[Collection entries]
——
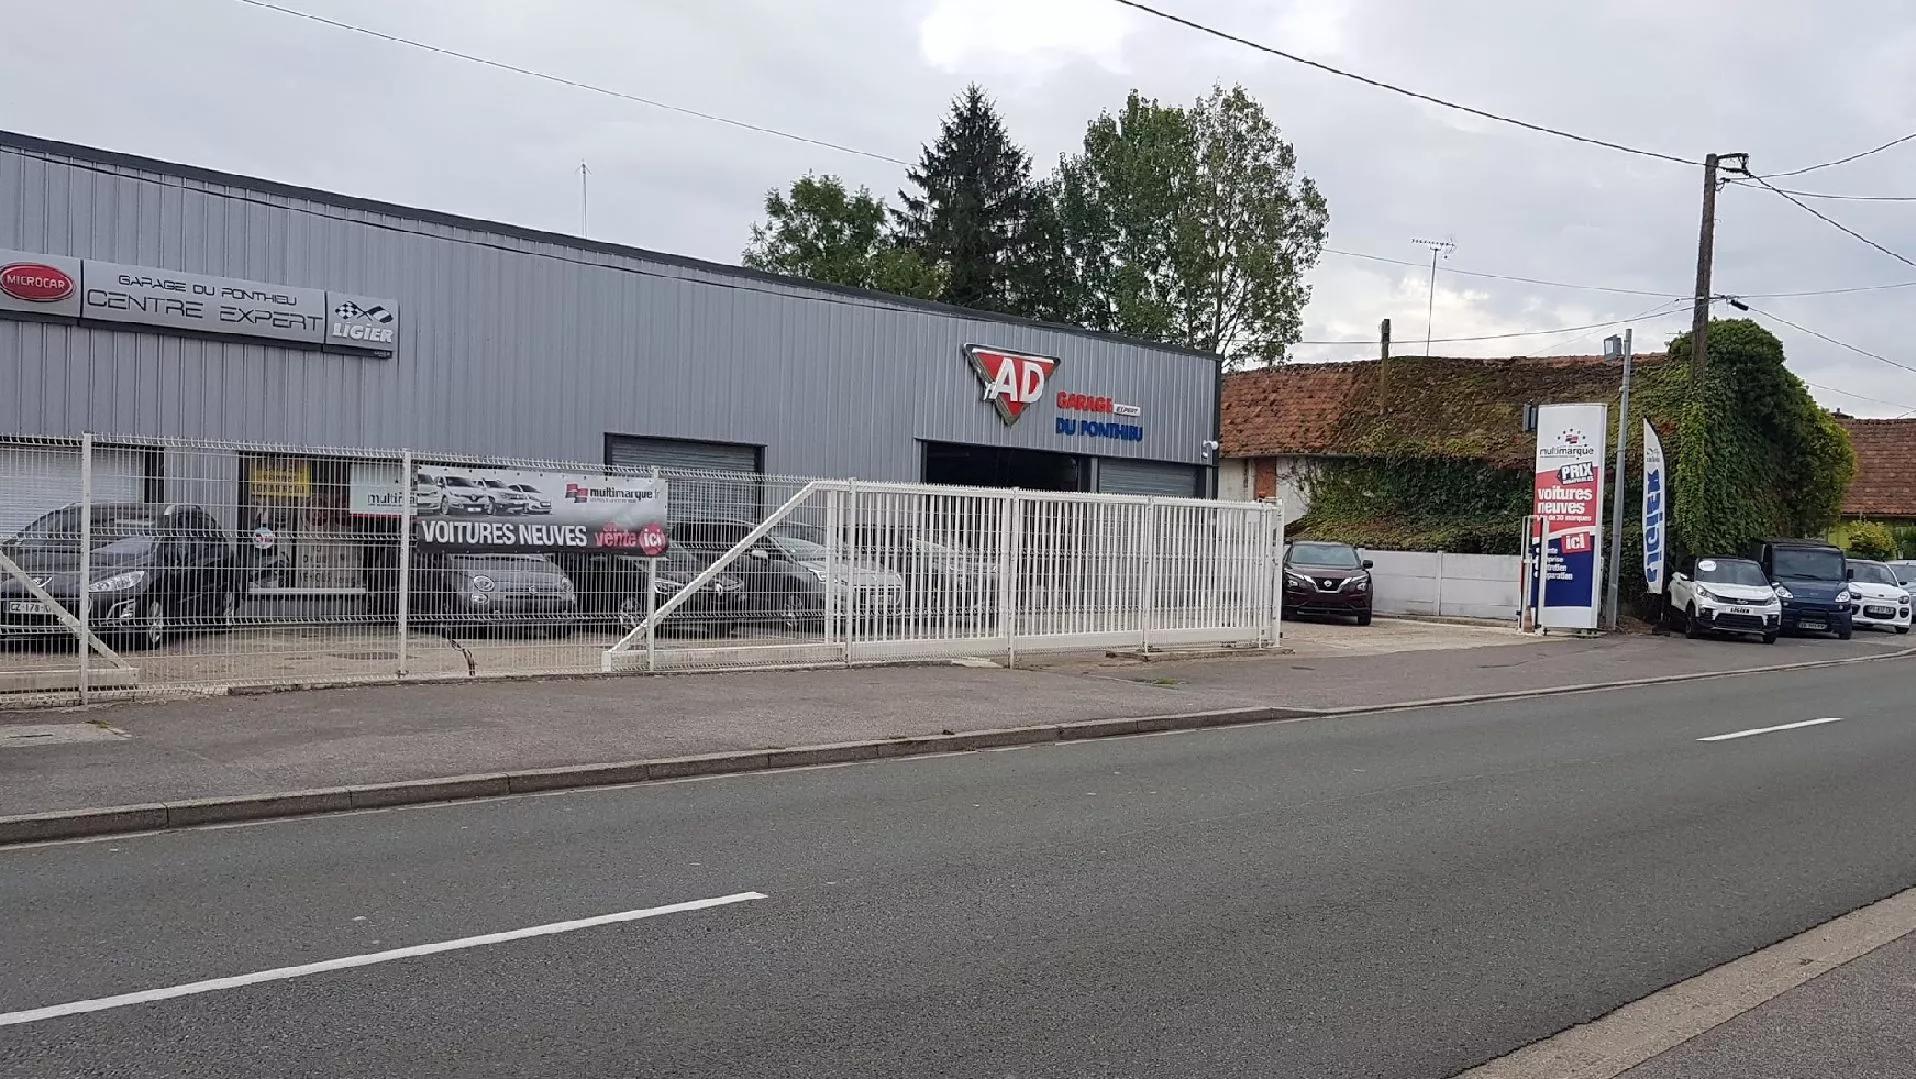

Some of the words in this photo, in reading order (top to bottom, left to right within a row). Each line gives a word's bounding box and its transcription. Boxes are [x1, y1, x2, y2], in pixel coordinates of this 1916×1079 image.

[7, 274, 66, 289] MICROCAR
[119, 275, 187, 292] GARAGE
[193, 284, 215, 296] DU
[222, 287, 298, 306] PONTHIEU
[87, 289, 204, 319] CENTRE
[219, 305, 323, 332] EXPERT
[989, 357, 1045, 403] AD
[1056, 391, 1112, 414] GARAGE
[1055, 417, 1076, 436] DU
[1079, 420, 1143, 442] PONTHIEU
[1539, 447, 1594, 456] multimarque
[1561, 462, 1593, 478] PRIX
[1537, 486, 1592, 501] voitures
[1537, 502, 1585, 515] neuves
[421, 520, 516, 545] VOITURES
[519, 523, 587, 548] NEUVES
[643, 527, 662, 547] ici
[1565, 533, 1585, 550] ici
——
> **Exercise description**
Rewrite the data above exactly as given, but omit the images.

> **Problem solution**
Some of the words in this photo, in reading order (top to bottom, left to right within a row). Each line gives a word's bounding box and its transcription. Boxes are [x1, y1, x2, y2], in pixel coordinates of this 1916×1079 image.

[7, 274, 66, 289] MICROCAR
[119, 275, 187, 292] GARAGE
[193, 284, 215, 296] DU
[222, 287, 298, 306] PONTHIEU
[87, 289, 204, 319] CENTRE
[219, 305, 323, 332] EXPERT
[989, 357, 1045, 403] AD
[1056, 391, 1112, 414] GARAGE
[1055, 417, 1076, 436] DU
[1079, 420, 1143, 442] PONTHIEU
[1539, 447, 1594, 456] multimarque
[1561, 462, 1593, 478] PRIX
[1537, 486, 1592, 501] voitures
[1537, 502, 1585, 515] neuves
[421, 520, 516, 545] VOITURES
[519, 523, 587, 548] NEUVES
[643, 527, 662, 547] ici
[1565, 533, 1585, 550] ici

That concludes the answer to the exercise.